Stored data entries:
%%
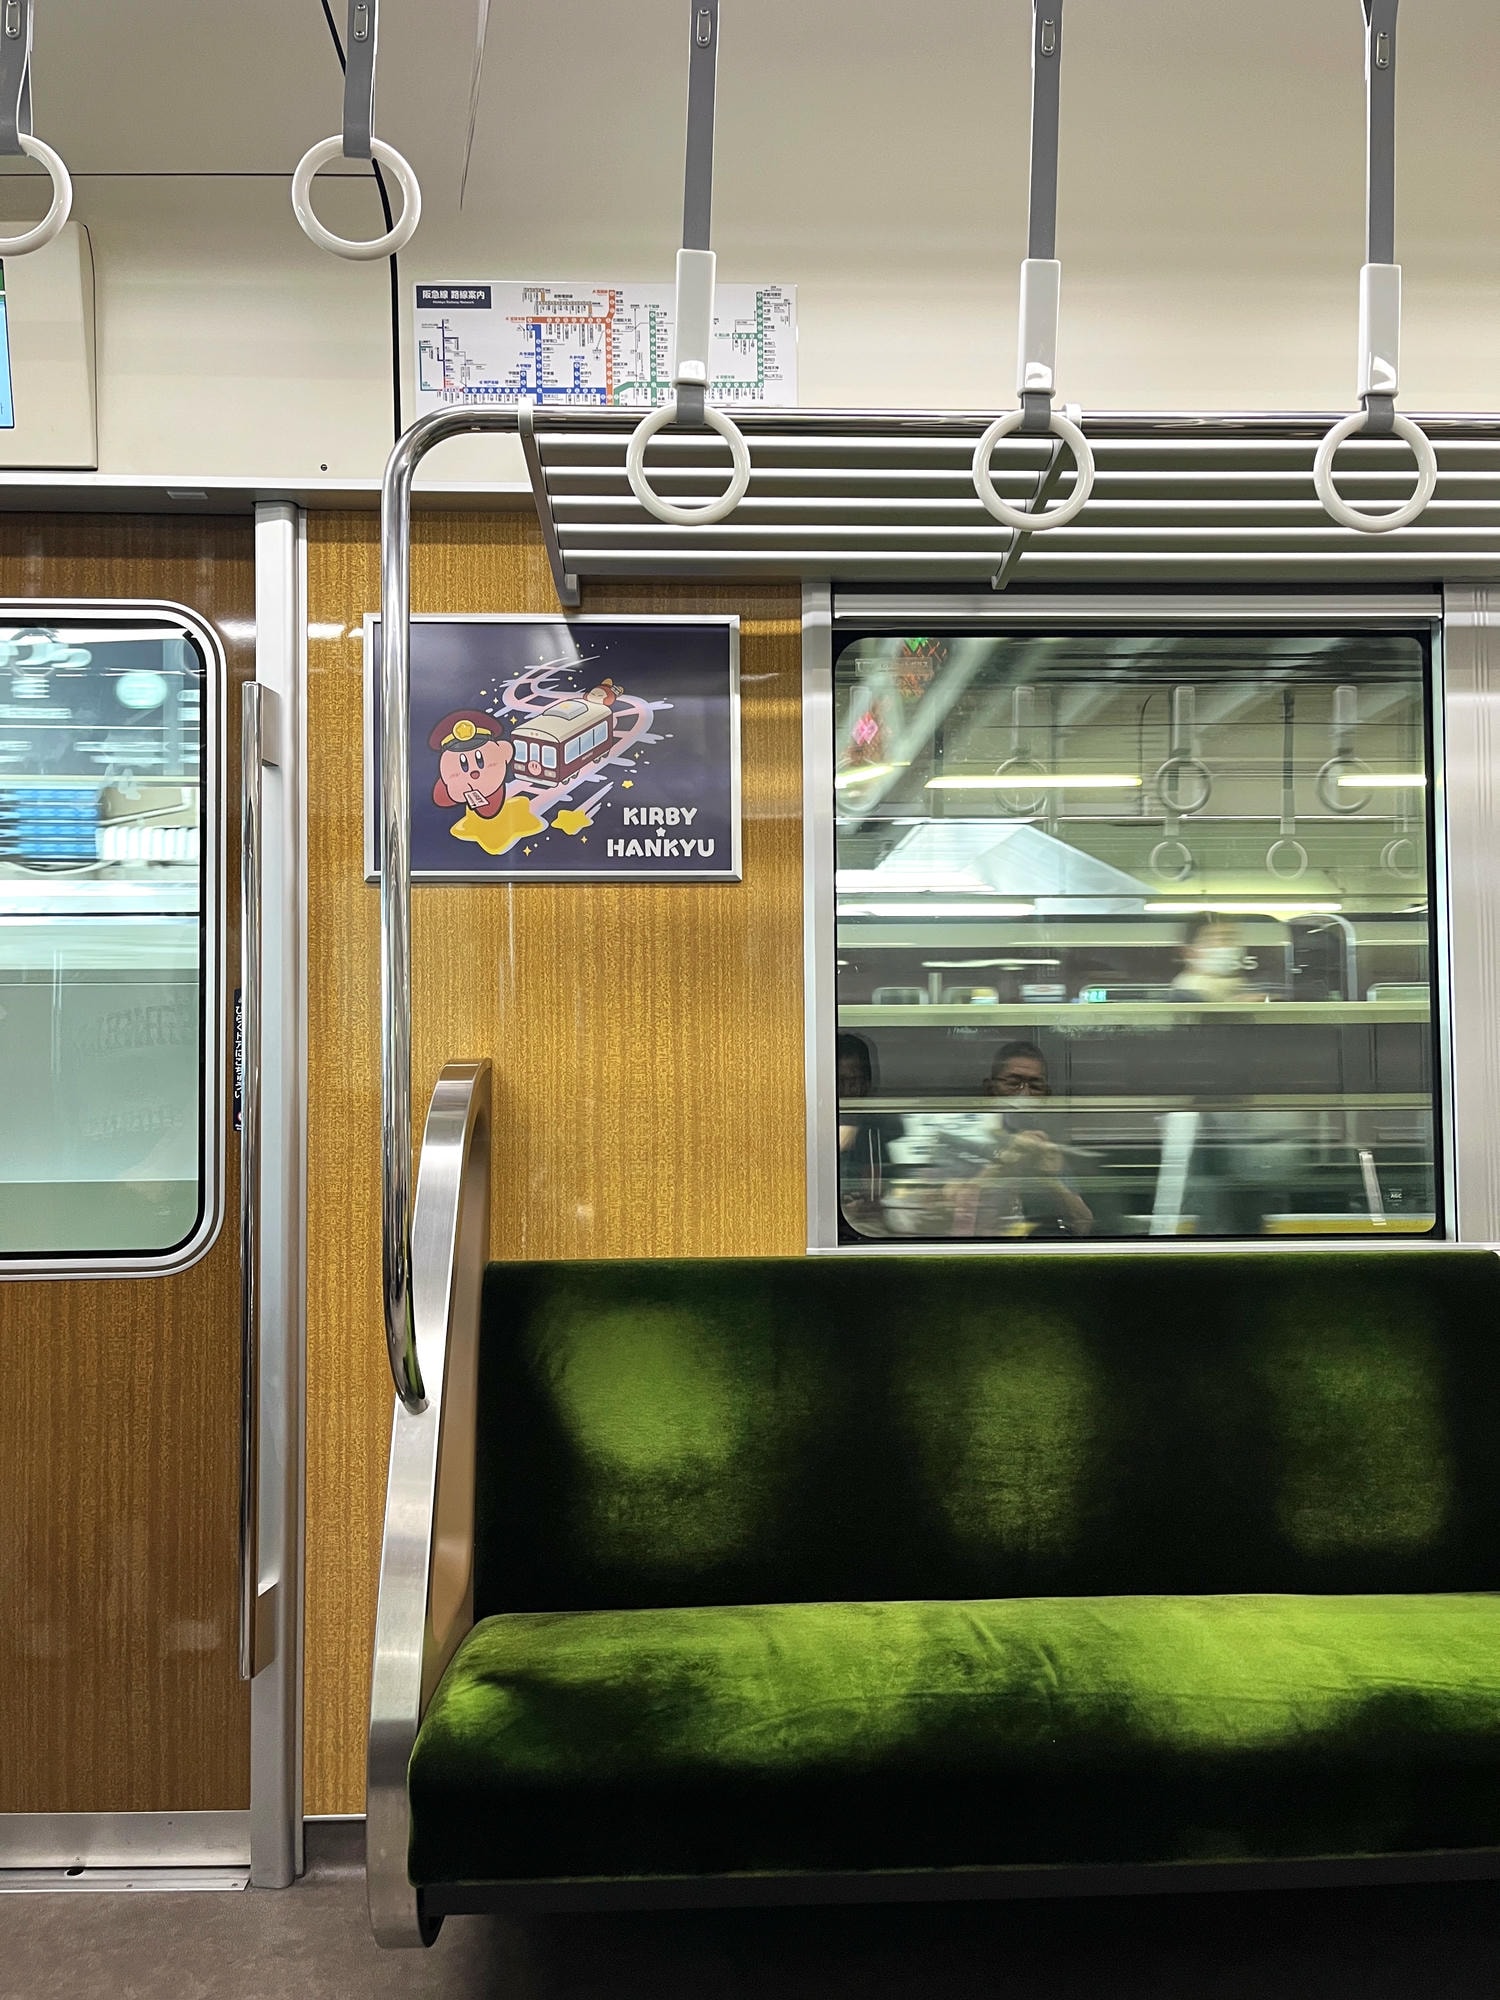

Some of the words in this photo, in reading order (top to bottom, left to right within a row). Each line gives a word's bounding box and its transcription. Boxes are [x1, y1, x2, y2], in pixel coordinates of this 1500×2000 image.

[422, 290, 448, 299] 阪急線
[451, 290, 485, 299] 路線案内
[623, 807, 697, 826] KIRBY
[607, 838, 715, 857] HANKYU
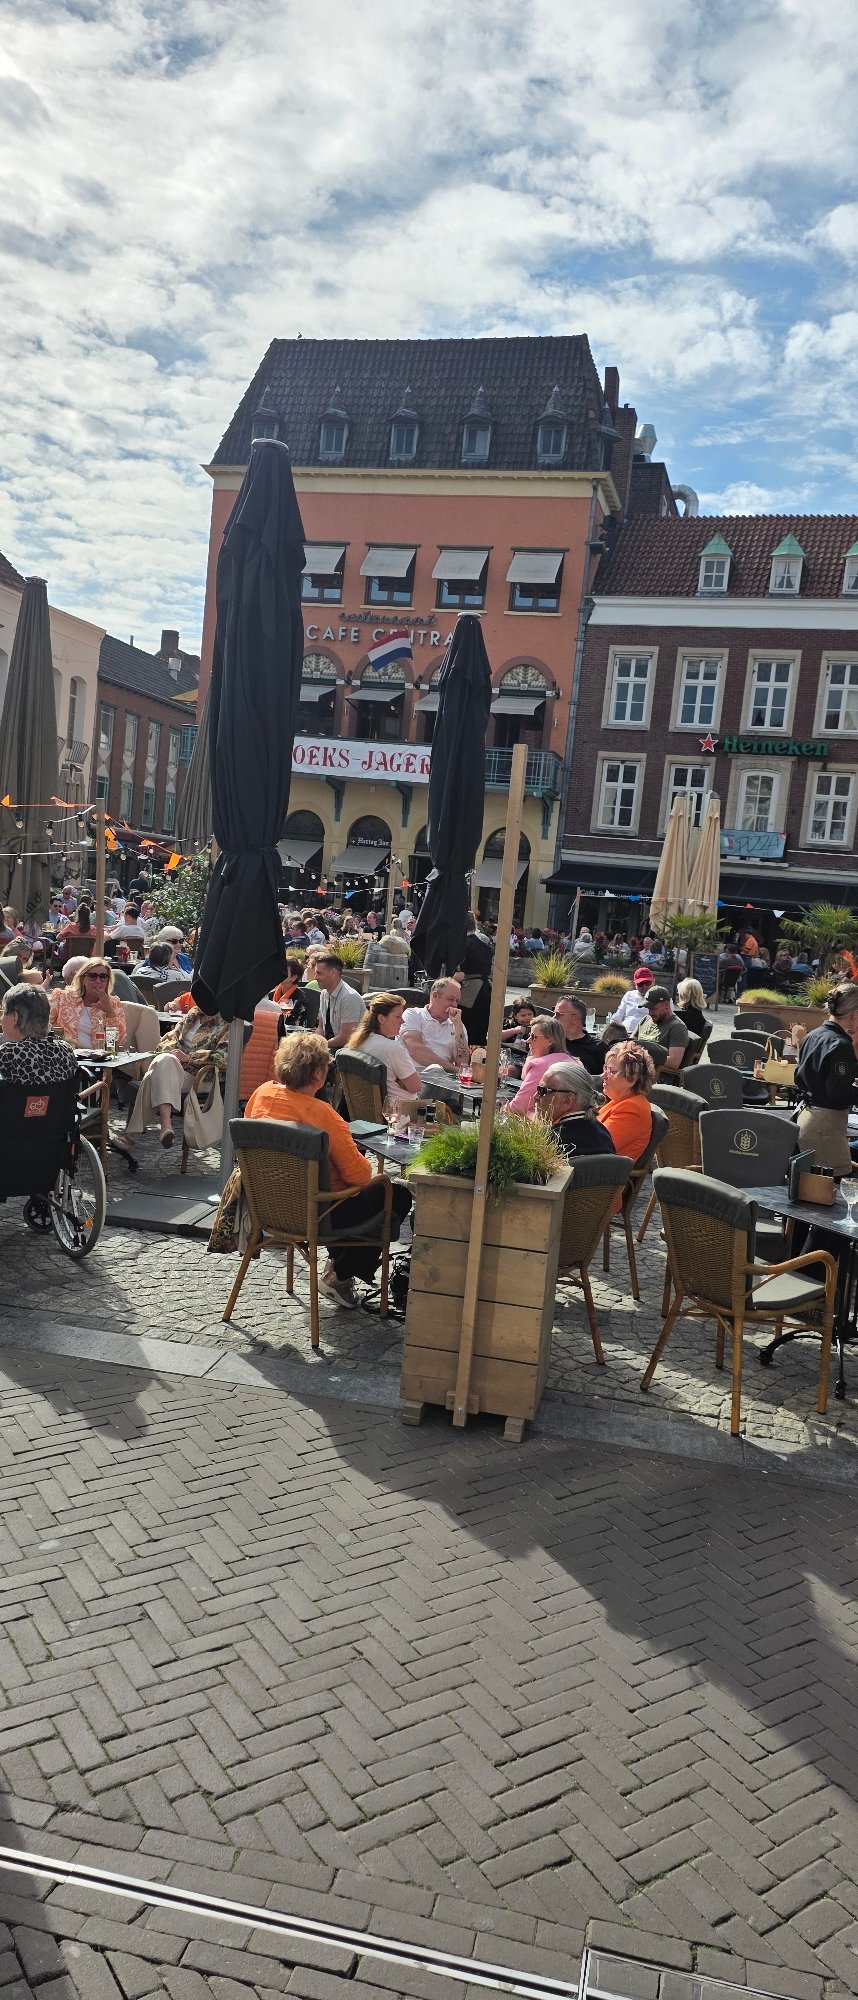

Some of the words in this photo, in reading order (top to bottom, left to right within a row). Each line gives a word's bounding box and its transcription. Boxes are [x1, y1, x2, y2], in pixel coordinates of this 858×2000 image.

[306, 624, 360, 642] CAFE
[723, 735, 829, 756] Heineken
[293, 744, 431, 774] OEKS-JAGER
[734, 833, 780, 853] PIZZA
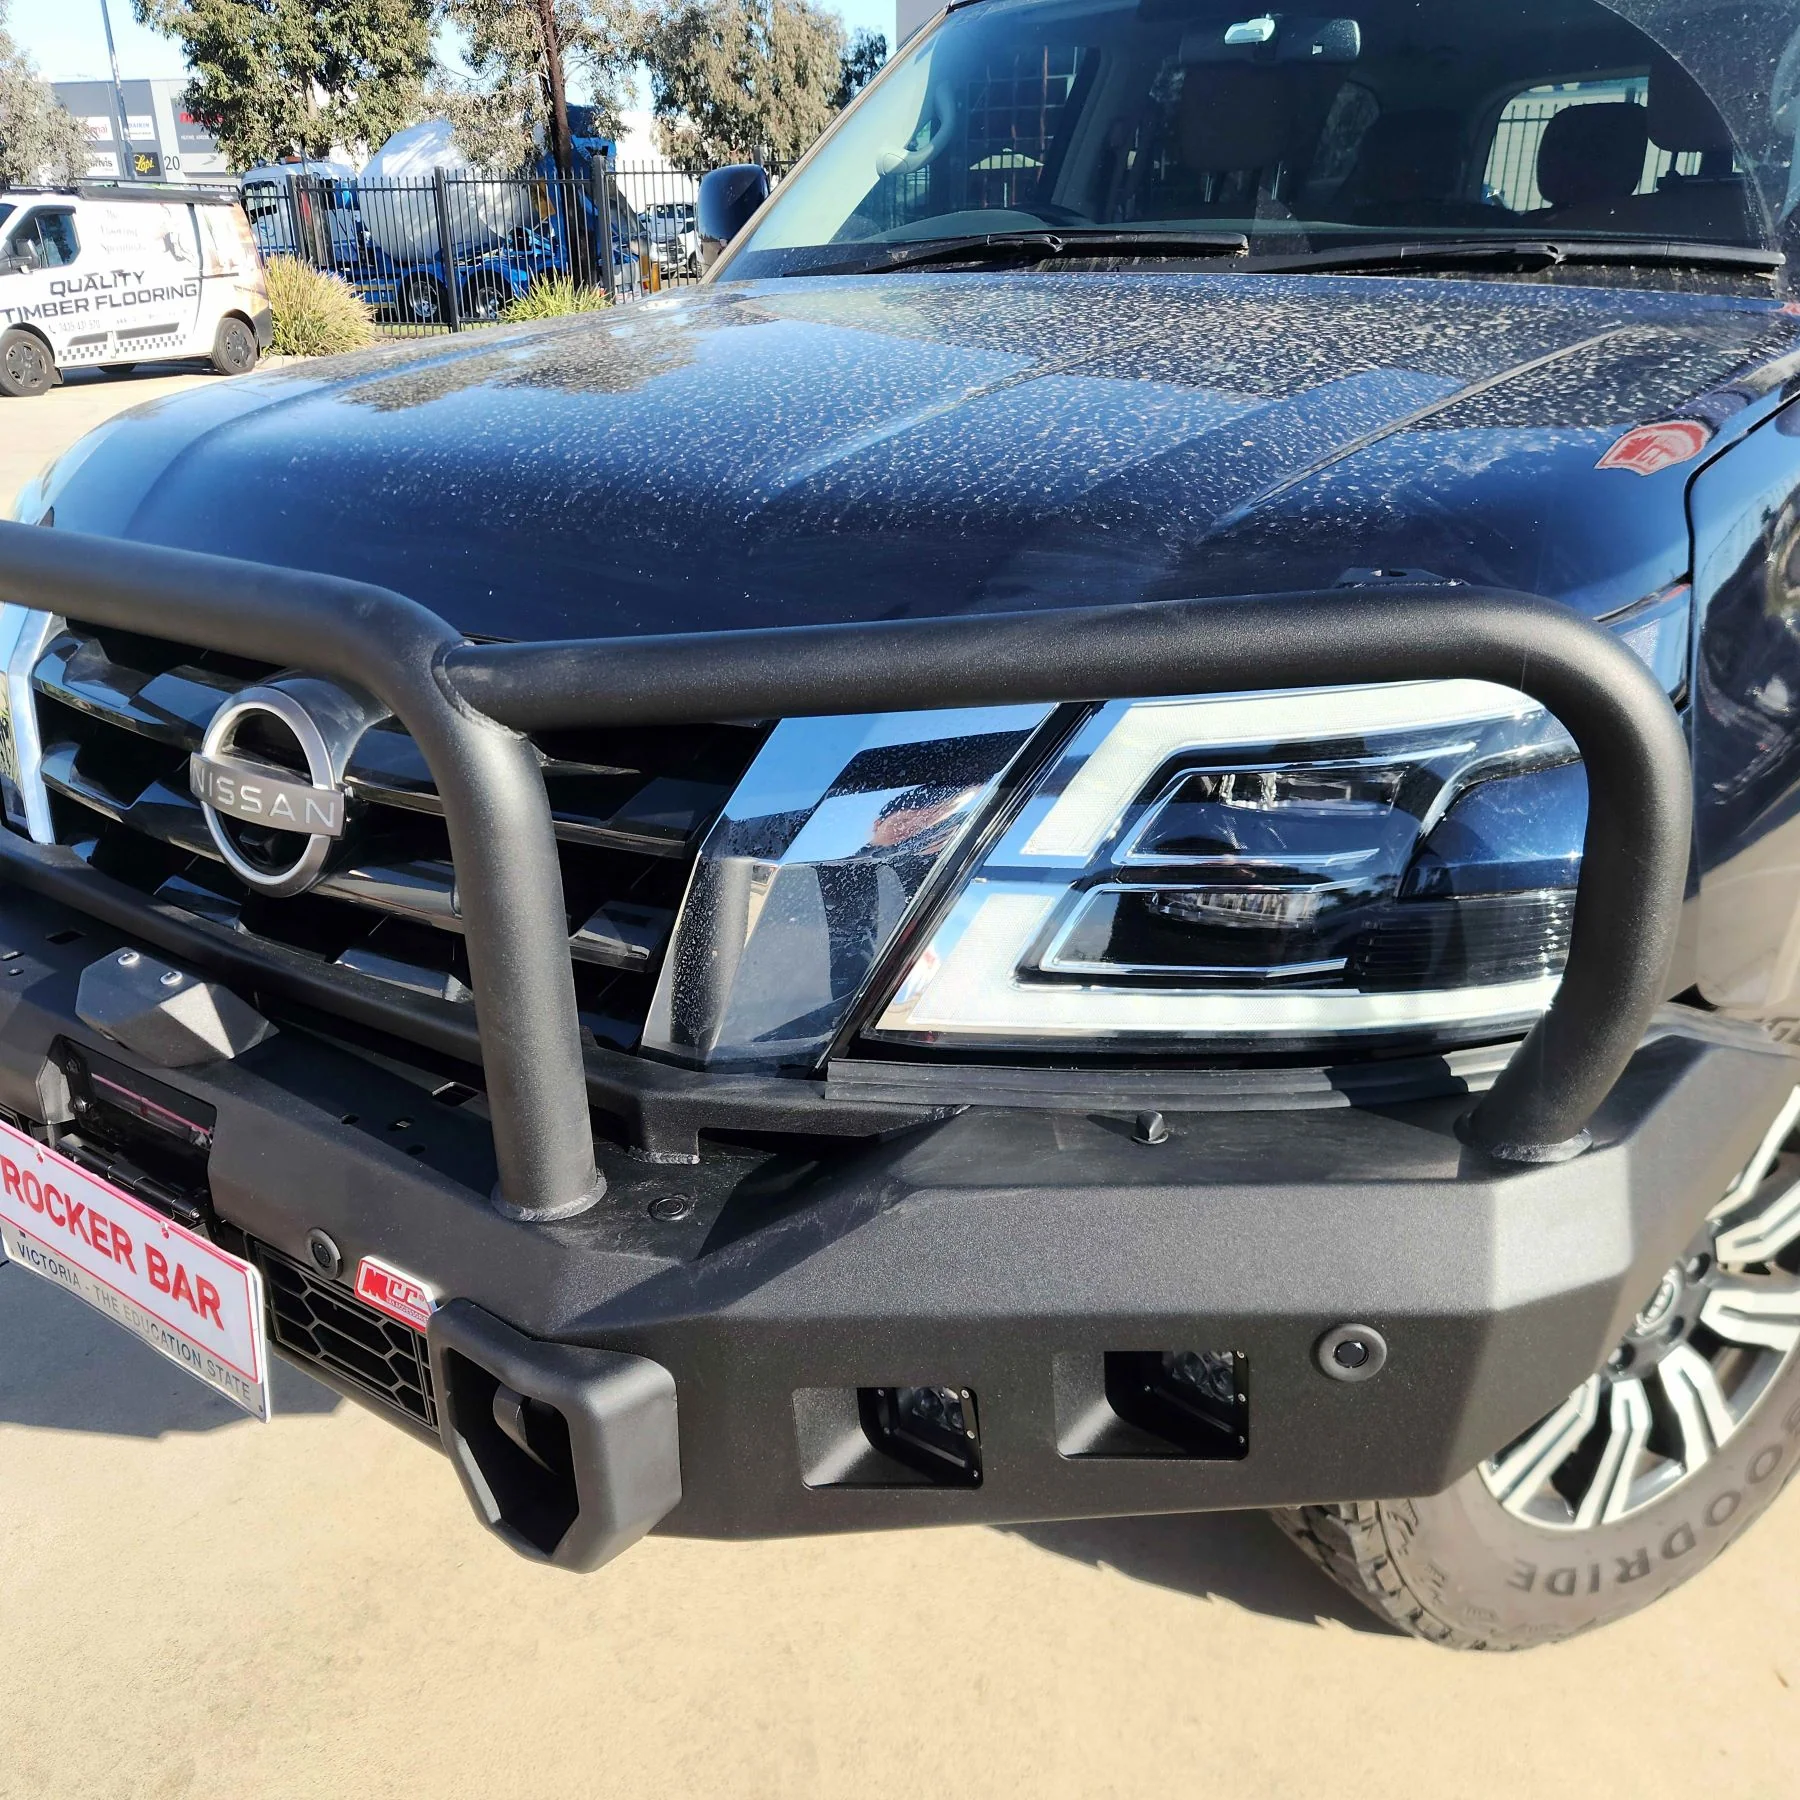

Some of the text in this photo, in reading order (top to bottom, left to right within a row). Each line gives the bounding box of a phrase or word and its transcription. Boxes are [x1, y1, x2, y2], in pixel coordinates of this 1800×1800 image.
%%
Please, without any pictures, retype the records exactly as they appear.

Some of the words in this photo, in reading order (top to bottom, left to right within a row). Each line gives a word's bounding box and its transcription. Boxes are [x1, y1, x2, y2], in pixel coordinates of this 1500×2000 image.

[422, 290, 448, 299] 阪急線
[451, 290, 485, 299] 路線案内
[623, 807, 697, 826] KIRBY
[607, 838, 715, 857] HANKYU

Some of the words in this photo, in reading order (top to bottom, left to right within a row). Each line gives a word's bounding box and its transcription. Boxes are [x1, y1, x2, y2], in pixel coordinates of this 858×2000 image.

[306, 624, 360, 642] CAFE
[723, 735, 829, 756] Heineken
[293, 744, 431, 774] OEKS-JAGER
[734, 833, 780, 853] PIZZA

Some of the text in this photo, in reading order (top to bottom, left to right within a row). Each line gives the bounding box of a phrase or word and its transcription. Boxes are [x1, y1, x2, y2], in pixel coordinates of this 1800×1800 image.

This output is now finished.